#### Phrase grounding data

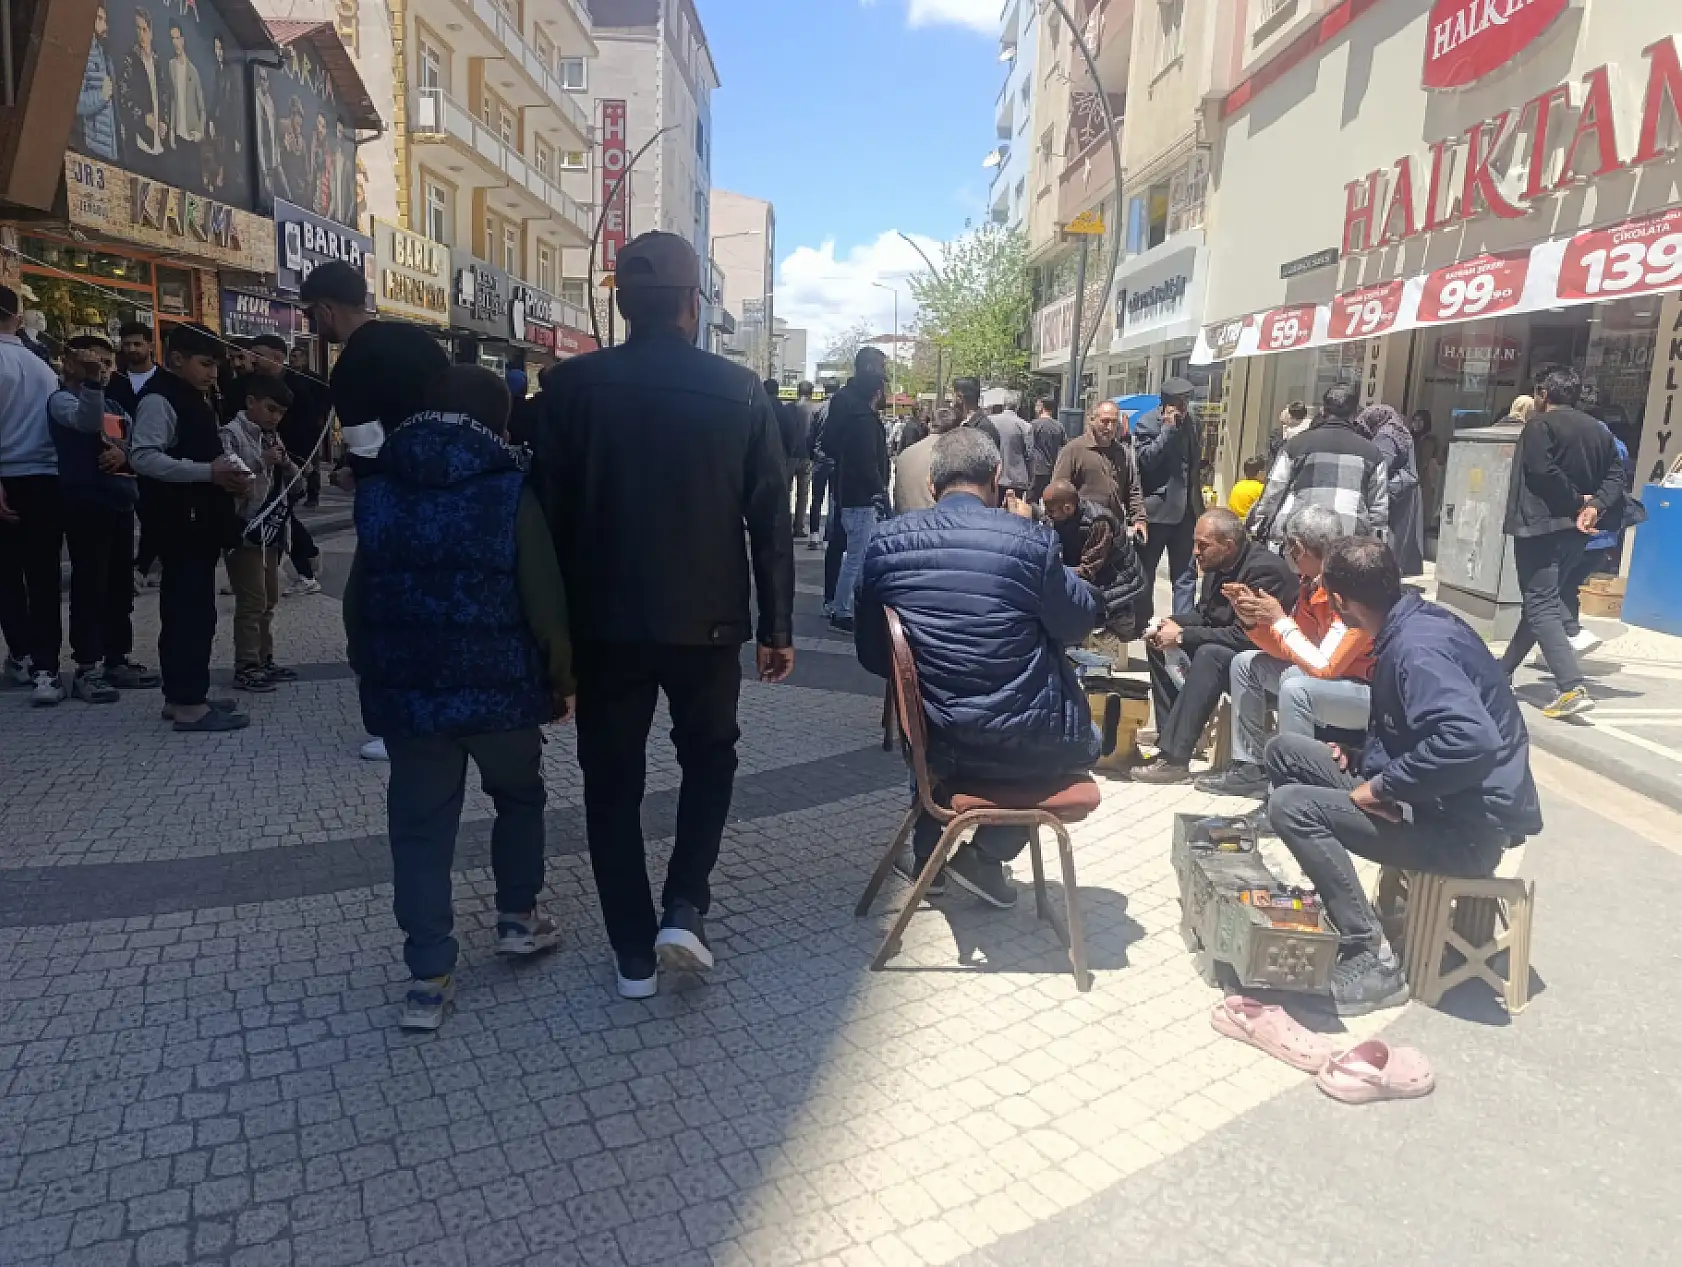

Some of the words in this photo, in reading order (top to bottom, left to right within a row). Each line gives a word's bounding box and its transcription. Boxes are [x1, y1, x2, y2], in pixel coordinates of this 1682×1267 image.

[1431, 0, 1535, 61] HALK
[1340, 33, 1682, 259] HALKTAN
[603, 117, 623, 264] HOTEL
[303, 221, 362, 267] BARLA
[1579, 232, 1682, 295] 139
[1345, 300, 1382, 337] 79
[1438, 274, 1495, 319] 99
[1270, 318, 1299, 348] 59
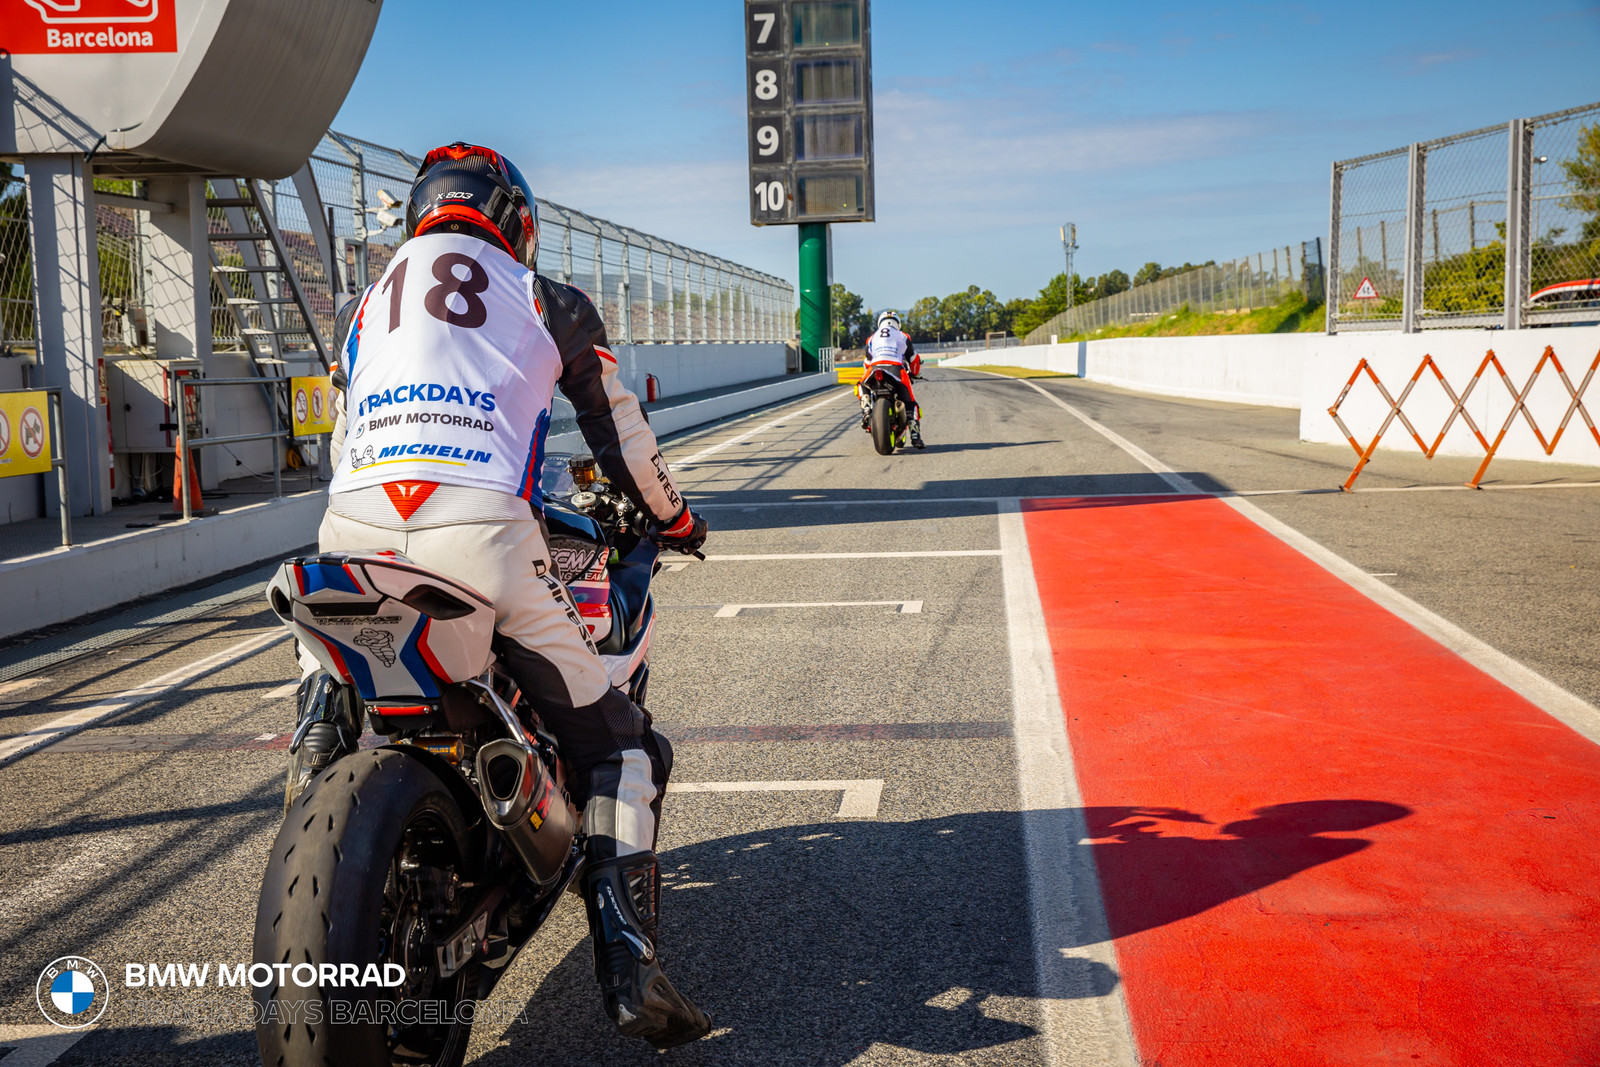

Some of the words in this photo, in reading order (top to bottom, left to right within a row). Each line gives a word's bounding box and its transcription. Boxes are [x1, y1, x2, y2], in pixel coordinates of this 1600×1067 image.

[46, 26, 154, 48] Barcelona
[753, 12, 776, 44] 7
[755, 69, 779, 100] 8
[756, 125, 780, 156] 9
[754, 180, 785, 211] 10
[382, 252, 490, 334] 18
[880, 327, 891, 338] 8
[368, 414, 403, 432] BMW
[405, 412, 495, 432] MOTORRAD
[377, 443, 493, 464] MICHELIN
[531, 558, 598, 656] DAINESE

#### HOW TO COMPLETE THIS TASK
Above are the records; copy them exactly without the pictures.

#### RESULT
Some of the words in this photo, in reading order (top to bottom, left to right within a row). Each line gives a word's bounding box and its transcription. Boxes are [x1, y1, x2, y2], in pixel coordinates of this 1682×1267 image.

[1431, 0, 1535, 61] HALK
[1340, 33, 1682, 259] HALKTAN
[603, 117, 623, 264] HOTEL
[303, 221, 362, 267] BARLA
[1579, 232, 1682, 295] 139
[1345, 300, 1382, 337] 79
[1438, 274, 1495, 319] 99
[1270, 318, 1299, 348] 59

Some of the words in this photo, in reading order (top to bottom, left to right within a row). Each line gives a word's bounding box and its transcription. Boxes are [x1, y1, x2, y2], in pixel coordinates of this 1600×1067 image.

[46, 26, 154, 48] Barcelona
[753, 12, 776, 44] 7
[755, 69, 779, 100] 8
[756, 125, 780, 156] 9
[754, 180, 785, 211] 10
[382, 252, 490, 334] 18
[880, 327, 891, 338] 8
[368, 414, 403, 432] BMW
[405, 412, 495, 432] MOTORRAD
[377, 443, 493, 464] MICHELIN
[531, 558, 598, 656] DAINESE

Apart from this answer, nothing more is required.